Effect of floodplain submergence and riparian vegetation on flow dynamics and mass transport near a spur dike

Spur dikes, designed for river flow diversion, alter flow dynamics by creating low-velocity dead zone storages that influence the longitudinal dispersion of contaminants. Seasonal variations in flow depth also modify flow patterns and mass transport around the spur dike. This study investigates three-dimensional (3D) flow and mass transport near a spur dike in a straight channel using numerical simulations. Three configurations were examined: an unsubmerged spur dike, a submerged spur dike with overbank flow, and a submerged spur dike with floodplain vegetation.
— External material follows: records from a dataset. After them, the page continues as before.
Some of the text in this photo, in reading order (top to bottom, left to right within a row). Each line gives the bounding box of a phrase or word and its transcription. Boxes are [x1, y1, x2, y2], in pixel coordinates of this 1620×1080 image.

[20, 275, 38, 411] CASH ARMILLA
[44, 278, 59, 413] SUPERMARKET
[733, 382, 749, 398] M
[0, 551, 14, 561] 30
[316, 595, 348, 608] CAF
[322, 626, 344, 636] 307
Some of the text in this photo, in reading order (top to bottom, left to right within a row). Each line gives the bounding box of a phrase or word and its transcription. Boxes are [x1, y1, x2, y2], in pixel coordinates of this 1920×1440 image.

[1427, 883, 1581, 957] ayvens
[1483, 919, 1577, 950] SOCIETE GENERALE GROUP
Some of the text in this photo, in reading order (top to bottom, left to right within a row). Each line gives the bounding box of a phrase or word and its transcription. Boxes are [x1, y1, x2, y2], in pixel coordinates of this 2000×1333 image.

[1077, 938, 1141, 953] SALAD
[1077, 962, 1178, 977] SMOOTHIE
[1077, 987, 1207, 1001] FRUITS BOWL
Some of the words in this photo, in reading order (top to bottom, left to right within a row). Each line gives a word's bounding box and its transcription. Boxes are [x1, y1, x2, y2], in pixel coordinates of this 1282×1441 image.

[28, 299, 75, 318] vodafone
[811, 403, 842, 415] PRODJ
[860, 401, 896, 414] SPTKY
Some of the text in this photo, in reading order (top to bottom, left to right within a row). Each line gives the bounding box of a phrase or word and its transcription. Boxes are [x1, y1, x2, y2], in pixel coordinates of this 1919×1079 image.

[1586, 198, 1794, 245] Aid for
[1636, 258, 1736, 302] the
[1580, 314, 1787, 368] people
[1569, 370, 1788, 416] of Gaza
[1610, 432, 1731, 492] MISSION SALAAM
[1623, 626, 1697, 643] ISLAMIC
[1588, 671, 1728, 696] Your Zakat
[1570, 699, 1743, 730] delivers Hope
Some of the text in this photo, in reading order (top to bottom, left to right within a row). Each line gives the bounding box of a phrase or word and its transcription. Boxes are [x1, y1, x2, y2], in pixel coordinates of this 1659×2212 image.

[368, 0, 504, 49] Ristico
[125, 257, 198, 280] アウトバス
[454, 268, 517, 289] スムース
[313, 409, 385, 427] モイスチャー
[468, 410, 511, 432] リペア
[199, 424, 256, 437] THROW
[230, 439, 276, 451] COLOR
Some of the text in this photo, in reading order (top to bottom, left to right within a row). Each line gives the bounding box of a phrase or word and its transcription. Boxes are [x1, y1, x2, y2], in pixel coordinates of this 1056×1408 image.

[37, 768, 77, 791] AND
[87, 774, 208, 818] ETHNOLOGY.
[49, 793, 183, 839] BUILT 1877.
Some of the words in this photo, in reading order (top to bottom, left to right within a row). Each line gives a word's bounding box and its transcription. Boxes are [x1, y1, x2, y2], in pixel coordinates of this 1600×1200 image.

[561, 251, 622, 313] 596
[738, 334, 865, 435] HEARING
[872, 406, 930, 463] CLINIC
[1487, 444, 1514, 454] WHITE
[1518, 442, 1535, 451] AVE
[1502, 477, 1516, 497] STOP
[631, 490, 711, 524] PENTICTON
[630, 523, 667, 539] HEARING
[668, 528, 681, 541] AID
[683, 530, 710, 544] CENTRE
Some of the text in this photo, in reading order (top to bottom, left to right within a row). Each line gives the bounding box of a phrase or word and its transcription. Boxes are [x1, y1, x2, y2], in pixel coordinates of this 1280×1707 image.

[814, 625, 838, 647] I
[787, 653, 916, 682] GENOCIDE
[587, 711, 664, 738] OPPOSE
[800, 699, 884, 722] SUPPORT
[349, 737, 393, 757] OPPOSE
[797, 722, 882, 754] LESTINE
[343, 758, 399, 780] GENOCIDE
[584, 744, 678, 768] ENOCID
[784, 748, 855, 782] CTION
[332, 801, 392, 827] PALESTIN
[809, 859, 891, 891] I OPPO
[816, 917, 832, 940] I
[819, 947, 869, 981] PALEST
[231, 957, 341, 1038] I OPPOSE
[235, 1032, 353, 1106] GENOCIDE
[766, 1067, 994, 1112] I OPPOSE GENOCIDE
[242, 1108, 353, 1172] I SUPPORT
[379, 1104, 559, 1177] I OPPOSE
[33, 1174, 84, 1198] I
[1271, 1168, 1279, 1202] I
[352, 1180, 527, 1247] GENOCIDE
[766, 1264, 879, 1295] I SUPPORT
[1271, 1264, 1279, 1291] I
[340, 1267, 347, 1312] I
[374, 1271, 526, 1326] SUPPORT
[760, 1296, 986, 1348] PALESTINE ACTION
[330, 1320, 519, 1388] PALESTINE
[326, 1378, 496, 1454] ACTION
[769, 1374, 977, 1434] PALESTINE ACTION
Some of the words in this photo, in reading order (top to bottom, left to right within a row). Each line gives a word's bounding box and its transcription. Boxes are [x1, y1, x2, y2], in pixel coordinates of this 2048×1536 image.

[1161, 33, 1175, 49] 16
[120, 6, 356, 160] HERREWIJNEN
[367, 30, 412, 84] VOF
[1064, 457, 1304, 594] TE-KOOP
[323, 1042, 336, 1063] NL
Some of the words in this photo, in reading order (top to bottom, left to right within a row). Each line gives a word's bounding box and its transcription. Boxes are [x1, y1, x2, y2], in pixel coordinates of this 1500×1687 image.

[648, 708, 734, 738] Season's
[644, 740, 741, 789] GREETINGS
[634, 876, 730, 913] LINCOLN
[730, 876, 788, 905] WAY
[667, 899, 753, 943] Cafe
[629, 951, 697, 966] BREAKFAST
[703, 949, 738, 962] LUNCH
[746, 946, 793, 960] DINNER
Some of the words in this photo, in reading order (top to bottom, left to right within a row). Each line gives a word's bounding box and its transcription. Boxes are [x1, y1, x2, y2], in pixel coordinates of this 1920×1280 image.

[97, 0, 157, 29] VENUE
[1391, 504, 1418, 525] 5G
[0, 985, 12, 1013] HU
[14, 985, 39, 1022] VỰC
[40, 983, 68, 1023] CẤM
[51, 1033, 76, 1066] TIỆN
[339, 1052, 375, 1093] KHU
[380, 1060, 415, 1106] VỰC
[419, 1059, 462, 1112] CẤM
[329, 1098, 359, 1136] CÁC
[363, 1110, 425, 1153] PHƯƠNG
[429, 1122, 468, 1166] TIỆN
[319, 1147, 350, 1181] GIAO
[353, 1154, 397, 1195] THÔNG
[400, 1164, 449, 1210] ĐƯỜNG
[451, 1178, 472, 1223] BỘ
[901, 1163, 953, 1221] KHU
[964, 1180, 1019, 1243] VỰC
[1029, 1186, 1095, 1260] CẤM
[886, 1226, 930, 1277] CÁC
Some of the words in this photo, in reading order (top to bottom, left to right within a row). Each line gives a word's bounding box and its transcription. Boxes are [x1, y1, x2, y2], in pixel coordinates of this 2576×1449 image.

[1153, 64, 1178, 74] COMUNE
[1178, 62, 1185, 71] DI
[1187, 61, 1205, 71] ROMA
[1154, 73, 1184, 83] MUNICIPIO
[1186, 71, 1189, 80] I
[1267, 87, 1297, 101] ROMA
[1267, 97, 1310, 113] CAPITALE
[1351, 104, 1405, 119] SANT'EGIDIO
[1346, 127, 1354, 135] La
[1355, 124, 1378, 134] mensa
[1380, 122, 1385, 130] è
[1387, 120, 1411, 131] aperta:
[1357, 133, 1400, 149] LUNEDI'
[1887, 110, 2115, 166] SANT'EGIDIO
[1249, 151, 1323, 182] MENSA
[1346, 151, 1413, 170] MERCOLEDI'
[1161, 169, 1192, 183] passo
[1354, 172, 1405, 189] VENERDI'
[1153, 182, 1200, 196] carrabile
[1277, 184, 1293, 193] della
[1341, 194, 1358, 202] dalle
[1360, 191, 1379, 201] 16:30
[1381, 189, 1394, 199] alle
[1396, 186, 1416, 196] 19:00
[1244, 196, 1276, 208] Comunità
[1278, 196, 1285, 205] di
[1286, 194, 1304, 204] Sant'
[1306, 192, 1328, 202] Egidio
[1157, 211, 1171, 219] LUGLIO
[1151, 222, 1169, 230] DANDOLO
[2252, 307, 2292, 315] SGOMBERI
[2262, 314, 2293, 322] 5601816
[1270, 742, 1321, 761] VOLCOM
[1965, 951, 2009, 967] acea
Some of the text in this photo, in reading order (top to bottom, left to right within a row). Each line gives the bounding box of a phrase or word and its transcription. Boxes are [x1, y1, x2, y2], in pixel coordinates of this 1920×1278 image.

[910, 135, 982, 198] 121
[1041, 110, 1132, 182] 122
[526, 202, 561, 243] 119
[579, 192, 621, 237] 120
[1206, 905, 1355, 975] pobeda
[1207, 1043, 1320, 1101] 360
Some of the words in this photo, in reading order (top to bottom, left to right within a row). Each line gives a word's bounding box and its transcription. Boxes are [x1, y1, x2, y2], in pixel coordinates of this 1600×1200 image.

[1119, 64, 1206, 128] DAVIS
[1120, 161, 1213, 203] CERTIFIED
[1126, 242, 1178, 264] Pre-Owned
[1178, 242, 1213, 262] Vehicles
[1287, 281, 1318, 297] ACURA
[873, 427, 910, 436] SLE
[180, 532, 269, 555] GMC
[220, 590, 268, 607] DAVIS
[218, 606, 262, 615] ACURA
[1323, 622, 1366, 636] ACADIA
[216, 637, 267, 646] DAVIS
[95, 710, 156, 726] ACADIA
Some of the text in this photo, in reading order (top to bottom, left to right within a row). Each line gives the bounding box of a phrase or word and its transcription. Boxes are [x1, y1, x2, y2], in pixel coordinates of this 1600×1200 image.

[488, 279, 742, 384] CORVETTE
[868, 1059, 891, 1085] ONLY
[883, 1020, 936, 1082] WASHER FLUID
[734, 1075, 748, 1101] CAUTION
The results show that in unsubmerged cases, streamwise velocities accelerate in the main channel region due to blockage by the spur dike, with a strong recirculation behind it. The shear layer is stronger but positioned far from the spur dike, leaving it uninvolved with a long, low-velocity zone. On the other hand, in submerged cases, the recirculation length is reduced, and vertical velocity gradients are strengthened. Due to horizontal and vertical separation, a horizontal shearing vortex forms over the spur dike, alongside the typical horseshoe and tube vortices. The shear layer extends into the recirculation zone behind the spur dike, promoting rapid mass mixing. Finally, floodplain vegetation was found to cause flow instabilities that grow with stem density, affecting flow and transport. Scalar transport analysis revealed stronger anomalous transport in unsubmerged flows, with submergence and vegetation reducing this behavior and accelerating scalar decay. This analysis of spur dike-induced interactions between the vegetated floodplain and main channel offers insights into restoring flow dynamics in low-velocity zones.